Pakistani security forces arrested the leader of a radical mosque under siege in Islamabad as he tried to flee while disguised in an all-covering women's burqa.
The capture of Maulana Abdul Aziz sparked an exodus from Lal Masjid, or the Red Mosque, with around 1,200 male and female Islamist students surrendering to the authorities a day after clashes there left 16 people dead.
Deputy Information Minister Tariq Azeem said it was a "farcical end" to the stand-off led by the cleric, who previously urged his followers to launch suicide attacks against the Government of President Pervez Musharraf.
"After all the things he has said and all the oaths he took from his students that they should embrace martyrdom with him, look at this man, he had to eventually try to run like a woman," the minister told AFP.
Officials became suspicious when a group of 20 burqa-clad women from the mosque started screaming as they were taken to a nearby school for security checks after giving themselves up, saying the procedure was un-Islamic.
"Our men spotted his (Aziz's) unusual demeanour. The rest of the girls looked like girls but he was taller and had a pot belly," a security official said on condition of anonymity.
Paramilitary officer Manzoor Ahmad, who saw the incident, said a security official "spotted a tall, well-built woman with a big belly who was neither shouting nor screaming."

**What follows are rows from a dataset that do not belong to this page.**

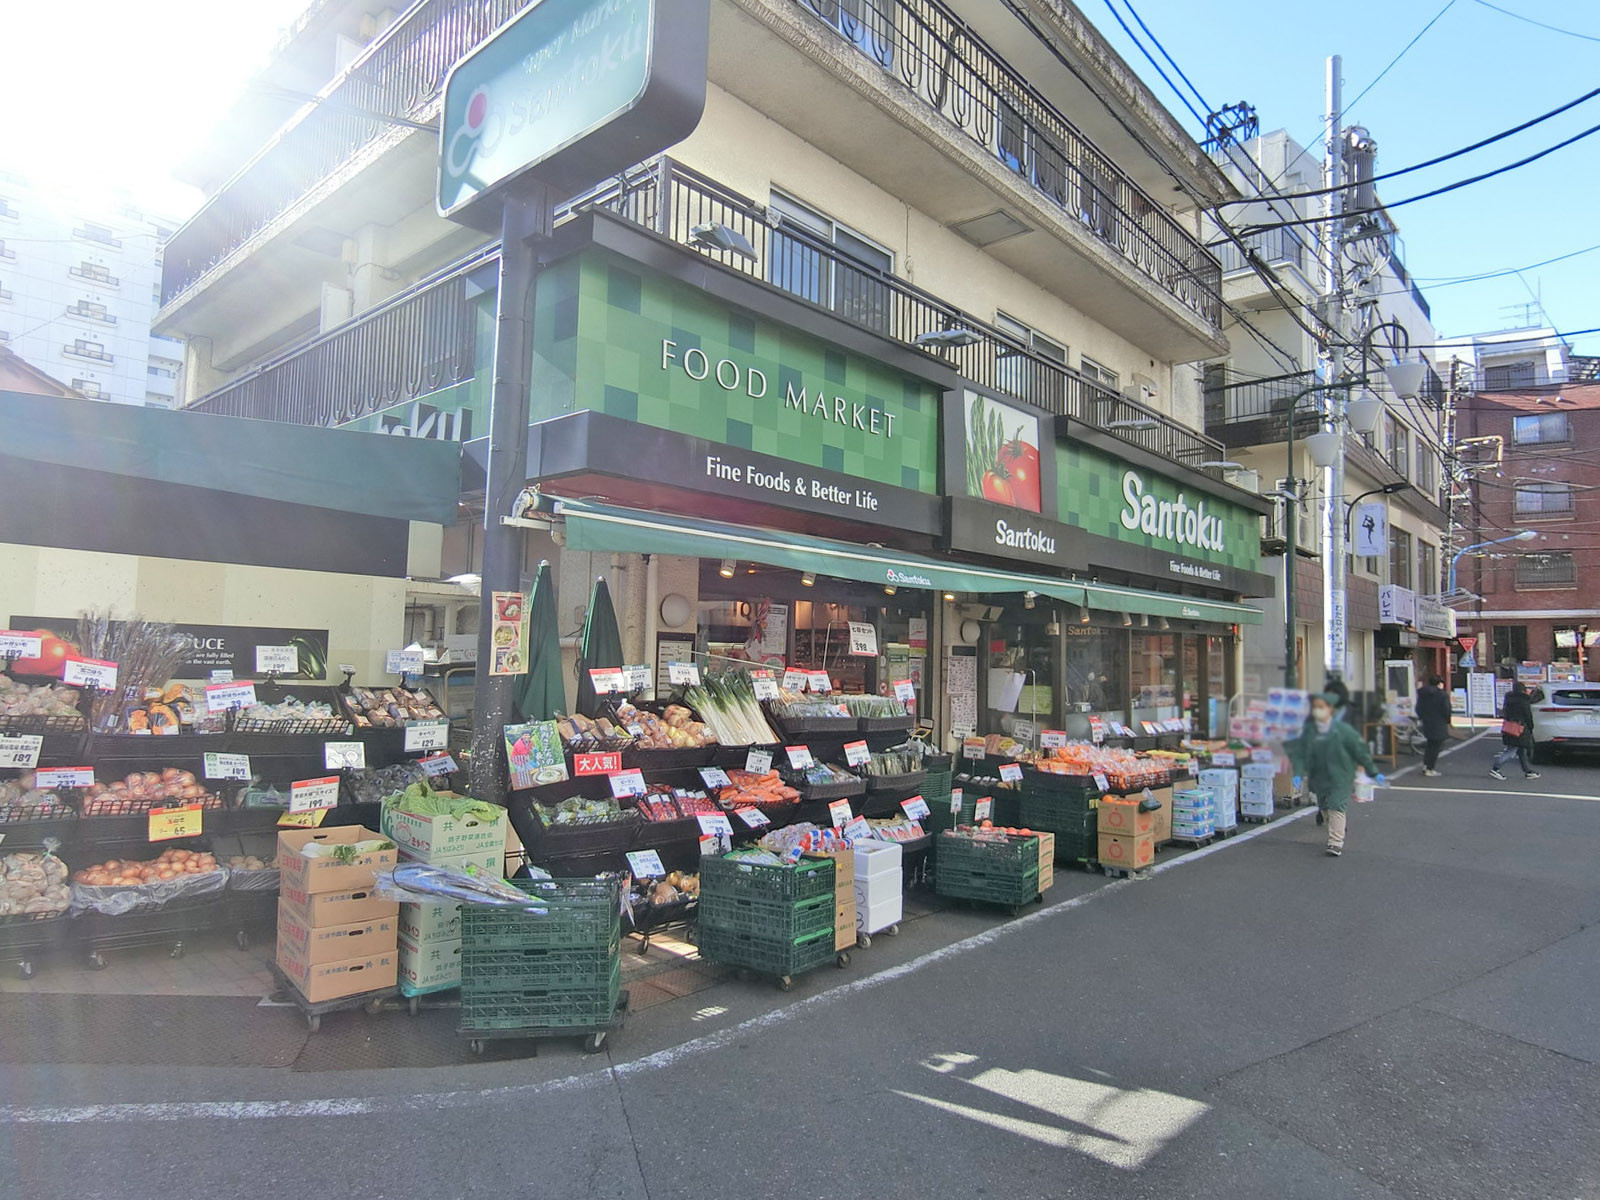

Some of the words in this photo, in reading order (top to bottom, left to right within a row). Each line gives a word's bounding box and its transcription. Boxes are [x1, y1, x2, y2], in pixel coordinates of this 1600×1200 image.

[661, 338, 769, 399] FOOD
[784, 381, 896, 438] MARKET
[706, 456, 742, 482] Fine
[747, 465, 791, 492] Foods
[794, 477, 807, 497] &
[811, 480, 852, 505] Better
[855, 490, 878, 511] Life
[1120, 470, 1225, 552] Santoku
[995, 519, 1056, 554] Santoku
[898, 572, 931, 586] Santoku
[1381, 590, 1392, 617] バレエ
[12, 753, 32, 762] 187
[579, 756, 617, 772] 大人気!
[309, 798, 323, 808] 197
[443, 821, 453, 832] 共

"The officer pounced on the lady, and as he grabbed her, the burqa came off and his beard fell out. He asked the man who he was and he said 'I am Maulana (senior cleric) Abdul Aziz," the soldier said.
Television footage showed armed intelligence officials dragging him by the beard towards a black Toyota Corolla and driving away at high speed.
Aziz's wife, who runs a women's religious school attached to the mosque, and two of the children of his brother, deputy mosque leader Abdul Rashid Ghazi, were also arrested, officials said.
Ghazi was believed to be still holed up in the mosque with around 500 supporters.
"There are very few people left with Ghazi in the mosque. The sooner he surrenders, the better it will be for him," Interior Ministry spokesman Javed Cheema told reporters, adding that between 1,100 and 1,200 had surrendered.
Aziz's arrest partially defused the tension around the mosque, where troops in armoured personnel carriers and helicopter gunships enforced a shoot-on-sight curfew imposed in the early hours of Wednesday (local time).